While conventional potato prices have skyrocketed in recent weeks on limited supplies and increasing demand, the organic potato demand/supply has been much more coordinated.
Lonnie Gillespie, Chief Organic Officer, Farm Fresh Direct
Lonnie Gillespie of Farm Fresh Direct in Monte Vista, CO, said organic prices have been very good, “but we did not run out of russets like we did on the conventional side. At least at Farm Fresh, we didn’t gap on organic potatoes,” she said, adding that the company started digging new crop russets in Colorado’s San Luis Valley a week ago.
“The new crop looks good; it’s a smaller potato, but it looks good,” she said. “It’s too early to tell how large the crop will be. We really won’t know that until mid-October.”

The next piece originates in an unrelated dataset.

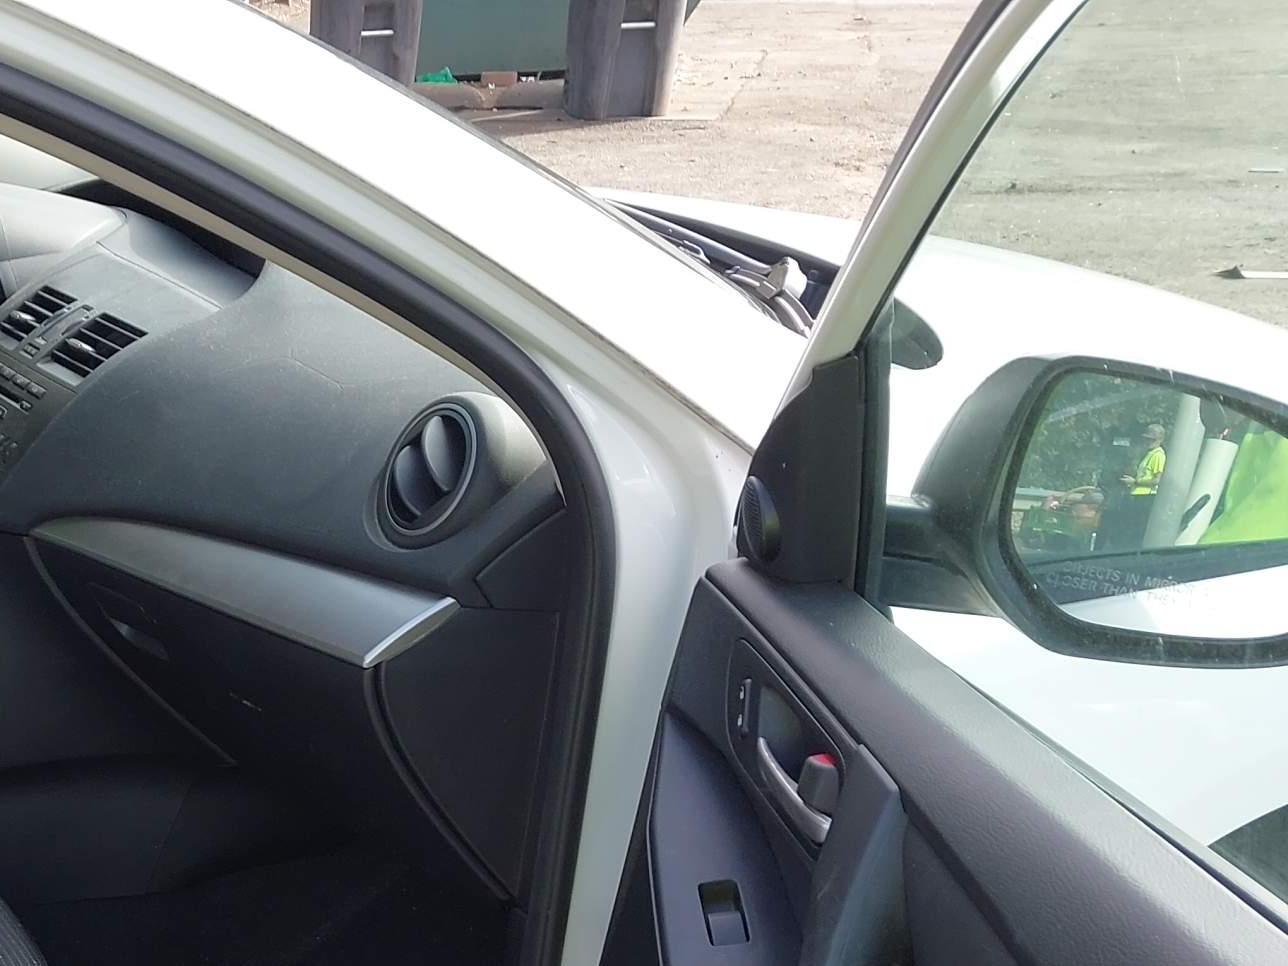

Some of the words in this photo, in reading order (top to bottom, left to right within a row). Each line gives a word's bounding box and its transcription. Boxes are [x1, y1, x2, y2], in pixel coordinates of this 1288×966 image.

[1046, 571, 1097, 591] CLOSER
[1102, 582, 1138, 599] THAN
[1063, 561, 1121, 582] OBJECTS
[1125, 572, 1141, 585] IN

Harvesting of potato fields will be staggered over the next couple of months, Gillespie said, noting that it's difficult to estimate the size of the crop until most of it has been dug and placed in storage. “But barring any harvesting issues or storage problems, we are expecting to have a good crop this year.”

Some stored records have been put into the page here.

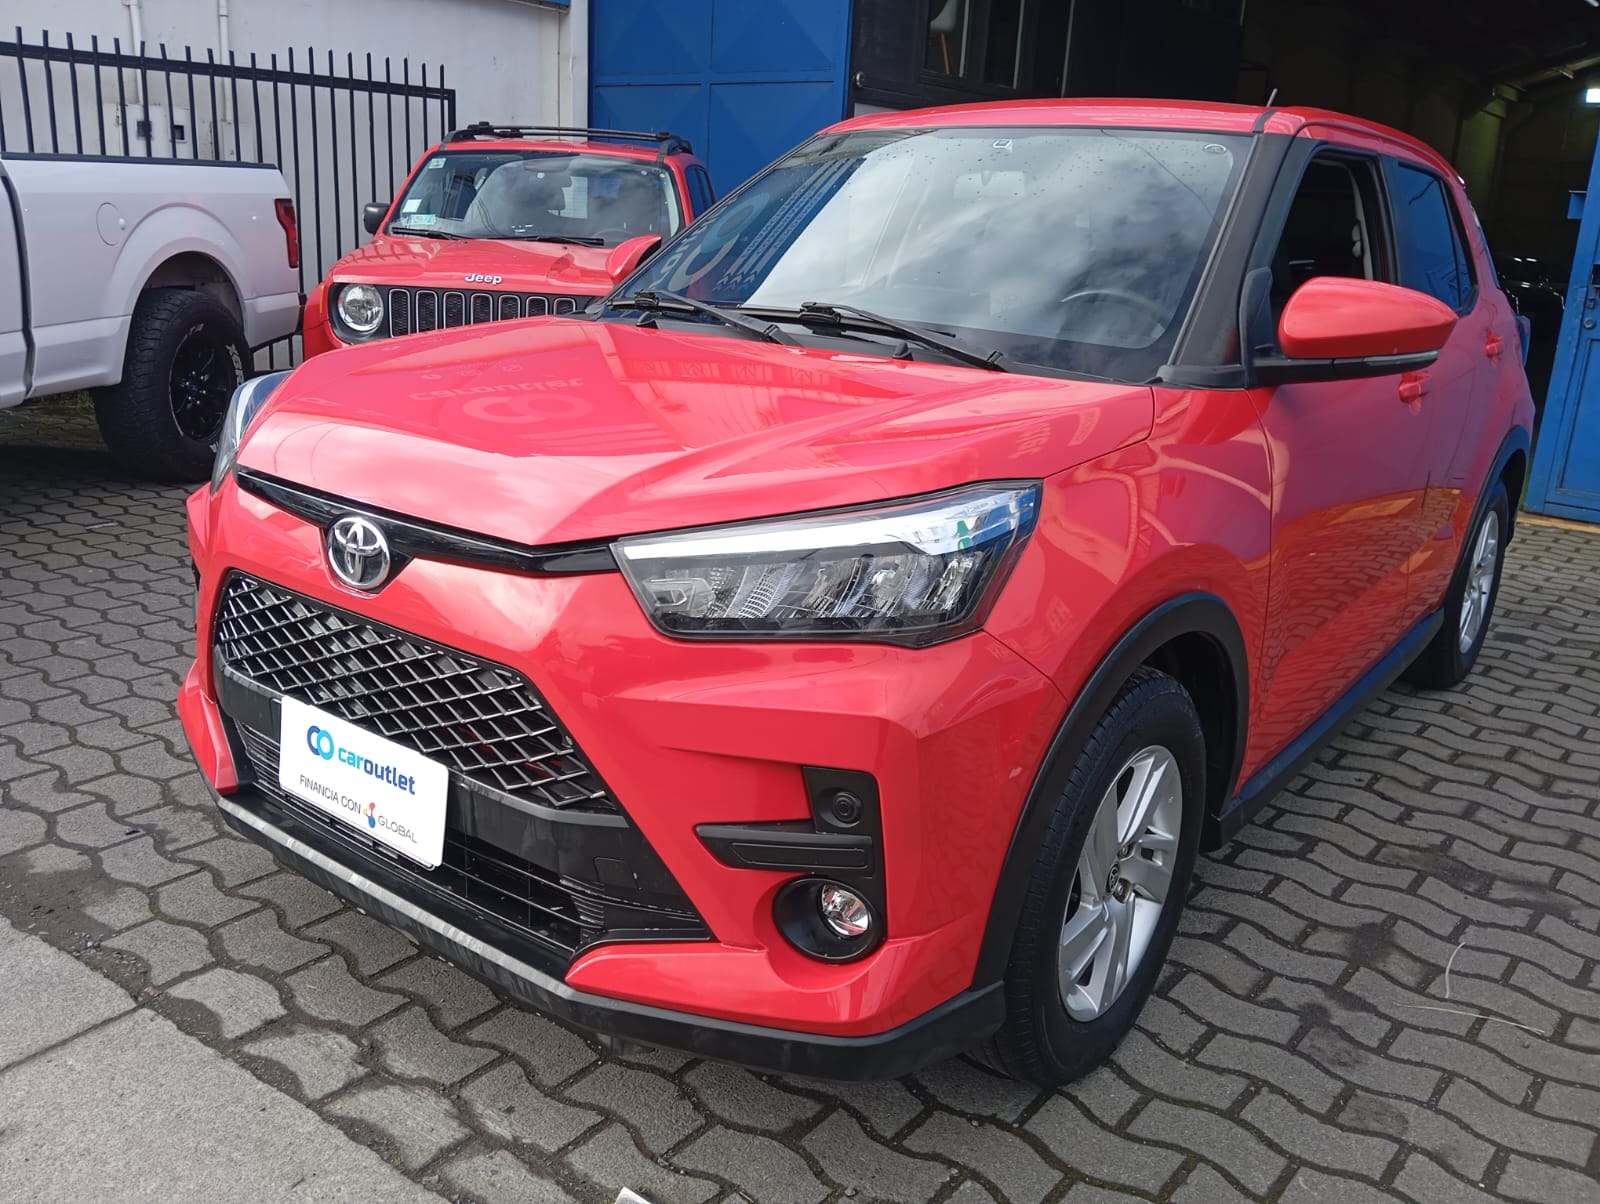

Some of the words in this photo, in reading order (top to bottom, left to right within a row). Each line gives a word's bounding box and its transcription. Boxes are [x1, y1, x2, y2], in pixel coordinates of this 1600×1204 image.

[464, 272, 503, 286] Jeep
[338, 747, 416, 795] caroutlet
[299, 774, 339, 804] FINANCIA
[340, 795, 362, 815] CON
[377, 815, 418, 844] GLOBAL
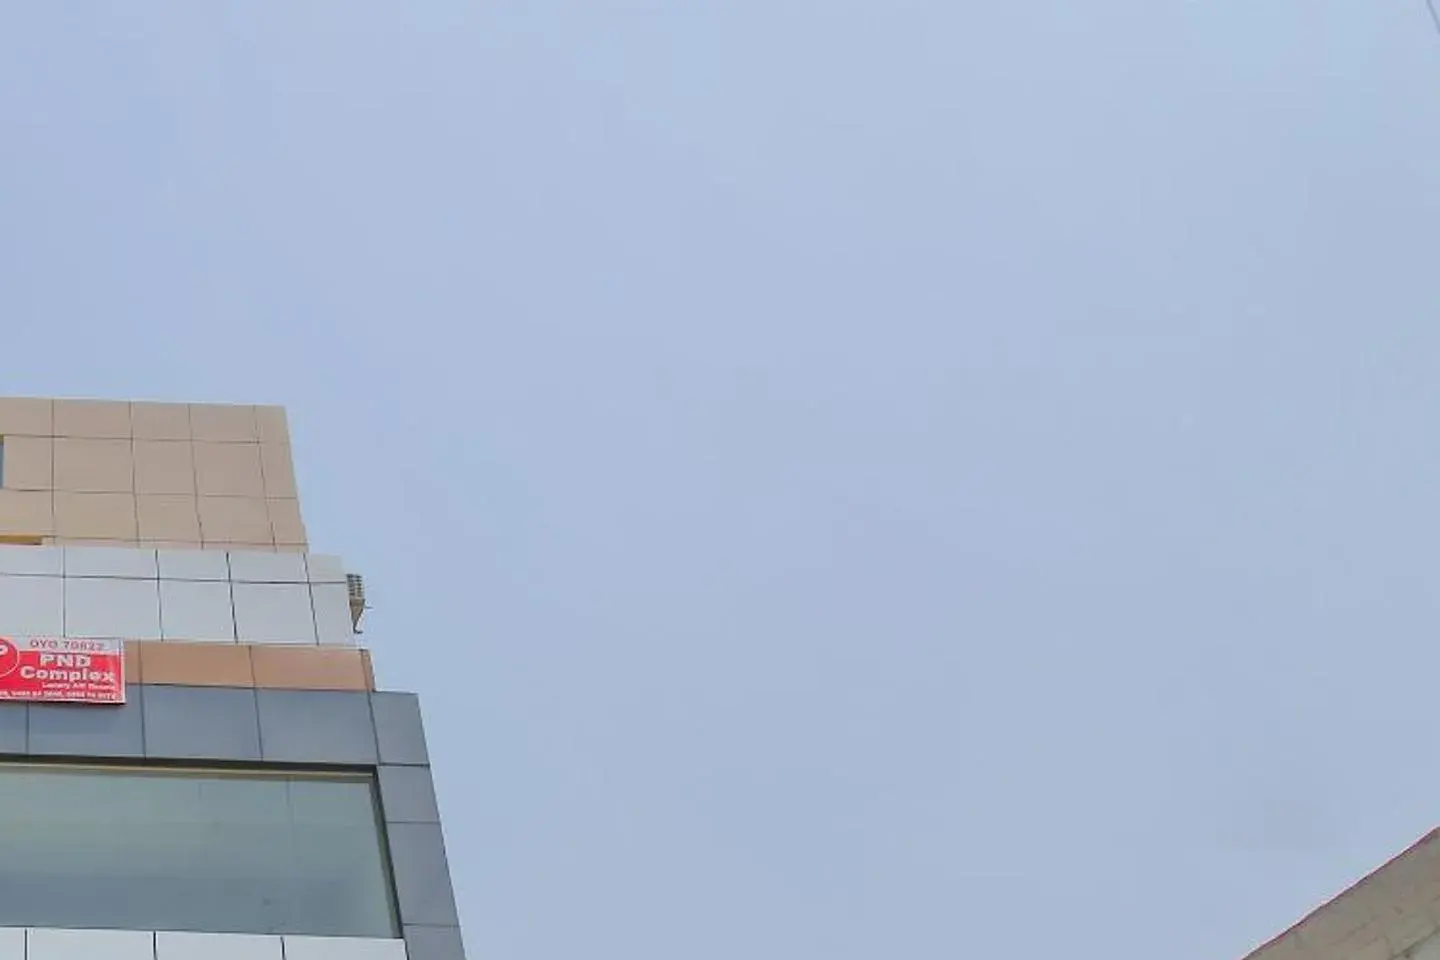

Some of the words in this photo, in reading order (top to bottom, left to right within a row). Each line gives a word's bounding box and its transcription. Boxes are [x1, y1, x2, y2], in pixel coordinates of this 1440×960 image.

[30, 639, 58, 649] OYO
[39, 653, 92, 668] PND
[20, 665, 116, 684] Complex

“The new crop looks good; it’s a smaller potato, but it looks good.” - Lonnie Gillespie
Robbie DeLeon of Columbia Basin Organics in Moses Lake, WA, said his firm did gap on Washington organic potatoes but started digging the new crop in mid-August and currently have good supplies of russets, yellows, and reds.
Robbie DeLeon, Sales/Transportation, Columbia Basin Organics
“We did run out at the tail end of our season and had to source from California. But we’re good now, and we do have promotable volume,” DeLeon said.
In fact, DeLeon said he is quoting cartons of organic russets at $35, which is less than some of the conventional prices he has heard this week. “I’ve heard as high as $39/$40 for a conventional carton, but that’s from sheds that don’t have any. I do not know if any are selling for that high, but it’s the first time I have ever heard of conventional potato quotes higher than organics,” he said.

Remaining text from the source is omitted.